• Anasayfa
  • Favorilere Ekle
  • Site Haritası
  • https://www.facebook.com/groups/vaazdokumanlari/
  • https://api.whatsapp.com/send?phone=+905321561576
  • https://www.twitter.com/@vaazsitesi
Üyelik Girişi
Vaaz Kategorileri
Ziyaret Bilgileri
Aktif Ziyaretçi7
Bugün Toplam363
Toplam Ziyaret5141660
Site Haritası
Takvim
Vaaz Dokumanları
Musa İmamoğlu
musa.imamoglu@gmail.com
İslam'da Kadının Yeri
02/06/2011

Kadın, günümüze kadar hakkında en çok yazılan çizilen bir varlık olagelmiştir. Buna rağmen birçokları tarafından tam olarak anlaşılamamış olup gizemini korumaya devam etmektedir.

 
 

Bir tarafta kadını olağanüstü bir varlık gibi görüp karşısında iki büklüm olanlar, diğer tarafta da hak ve özgürlüklerini, onur ve şerefini ona layık görmeyen insan görünümlüler!

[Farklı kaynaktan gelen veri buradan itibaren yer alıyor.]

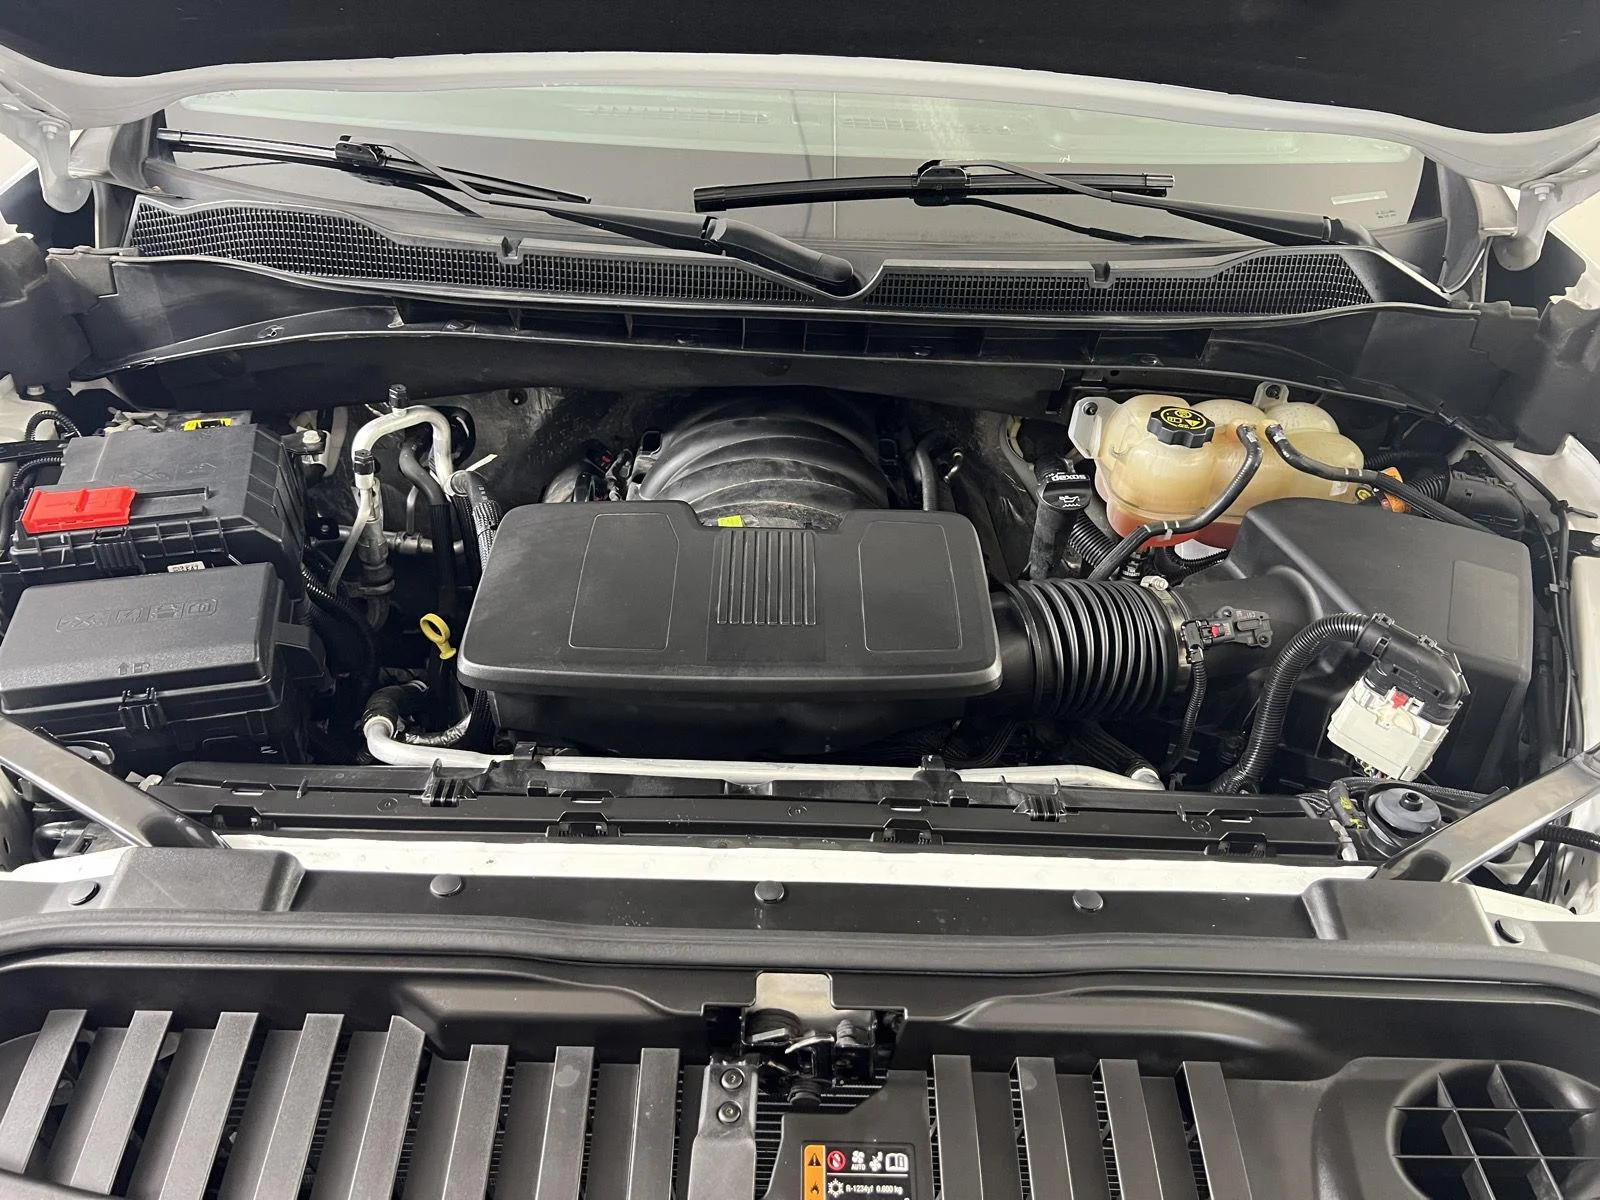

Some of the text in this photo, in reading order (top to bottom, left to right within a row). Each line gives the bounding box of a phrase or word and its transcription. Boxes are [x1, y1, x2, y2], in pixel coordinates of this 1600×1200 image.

İfrat ve tefrit bataklığı arasında mekik dokuyan bu zihniyet kadını layık olduğu yere koymayı bir türlü başaramadı. Veya çirkin emellerine ulaşmak için böyle olmasını istediler. Kadın da çoğu zaman kendi üzerinde oynanan bu oyunların fakında olmadı/olamadı.

Fakat, İslamın gelişiyle kadın farklı bir anlam kazandı. Onun kim olduğunu, sahip olduğu hakları, bulunması gereken konumu yüce yaratıcı insanlığa anlayabileceği bir tarzda bildirdi:

 “- Ey insanlar! Sizi bir tek nefisten yaratan ve ondan da eşini yaratan; ikisinden birçok erkek ve kadın (meydana getirip) yayan Rabbinize karşı gelmekten sakının…” (1) buyrularak erkek ve kadının olağanüstü varlıklar olmayıp Allah tarafından yaratılan ve yaratıcıya karşı gelmeden itaat ederek yaşaması gereken bir beşer olduğu hatırlatılmaktadır.

 
 

Hal böyleyken, kadın zaman zaman yasakları çiğneyen günahkâr bir varlık durumuna düşebilmiştir.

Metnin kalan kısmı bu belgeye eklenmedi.